Minimum qualifications:- Bachelor's degree or equivalent practical experience.
- 8 years of experience in software development.
- 5 years of experience testing, and launching software products, and 3 years of experience with software design and architecture.
- 5 years of experience with one or more of the following: Speech/audio (e.g., technology duplicating and responding to the human voice), reinforcement learning (e.g., sequential decision making), ML infrastructure, or specialization in another ML field.
- 5 years of experience with ML design and ML infrastructure (e.g., model deployment, model evaluation, data processing, debugging, fine tuning).
Preferred qualifications:- Master's degree or PhD in Engineering, Computer Science, or a related technical field.
- 8 years of experience with data structures and algorithms.
- 3 years of experience in a technical leadership role leading project teams and setting technical direction.
- 3 years of experience working in a complex, matrixed organization involving cross-functional, or cross-business projects.
- Experience in ML compilers and runtimes.
- Experience with Tensor Processing Units (TPUs), TPU system design, and Graphics Processing Units (GPUs).
About the jobWe are building the ML infrastructure between top-level frameworks and hardware as a platform and operating system for ML programs. Our mission is to ensure end-to-end training and inference success for Google and the world through cost-effective and performant software stacks across hardware, frameworks, and model types.
In this role, your goal will be to enable internal and Cloud developers to innovate through the effortless, transparent use of high-functioning ML infrastructure, allowing them to focus their energy on forward-reaching achievements and the advancement of the field.

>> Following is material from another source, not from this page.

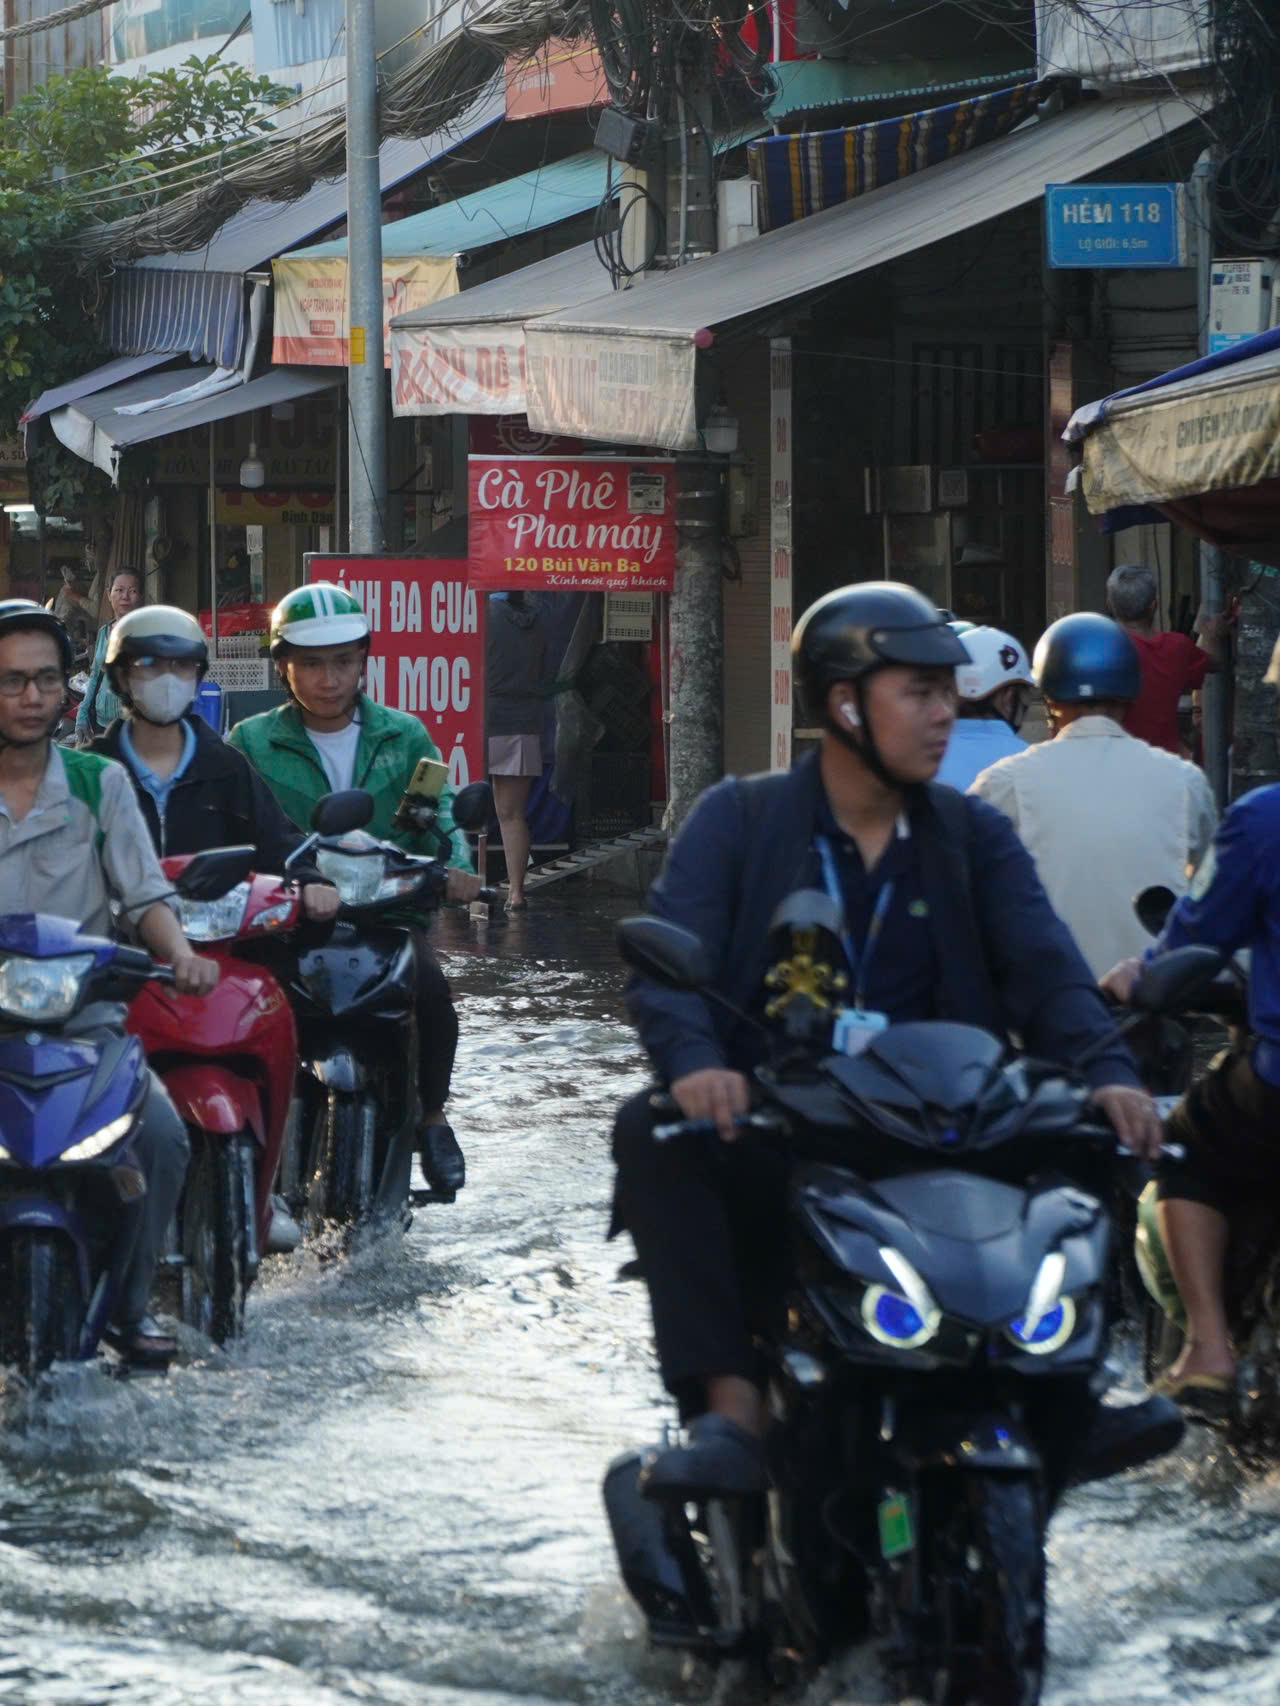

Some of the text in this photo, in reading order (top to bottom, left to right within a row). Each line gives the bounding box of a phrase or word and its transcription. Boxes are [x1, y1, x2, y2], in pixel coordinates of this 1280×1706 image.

Individual pay is determined by factors including job-related skills, experience, and relevant education or training.
US: $207000 - $301000 (USD) 20% bonus target equity benefits
Learn more about benefits at Google .
Responsibilities - Innovate next directions for infrastructure over a 12-month time horizon, given a rapidly changing technology landscape.
- Drive technical strategy and roadmaps for infrastructure development.
- Identify and build stable, standardized Application Programming Interfaces (APIs) for internal products.
- Migrate existing frameworks (e.g., TensorFlow, JAX, PyTorch), runtimes (TFExecutor, TFRT, PJRT), and Product Area's custom workflows (AdBrain) onto ML Runtime, minimizing any user disruption.
- Partner with Global Delivery Model (GDM) to transfer key innovations into products developed by your team and partner teams.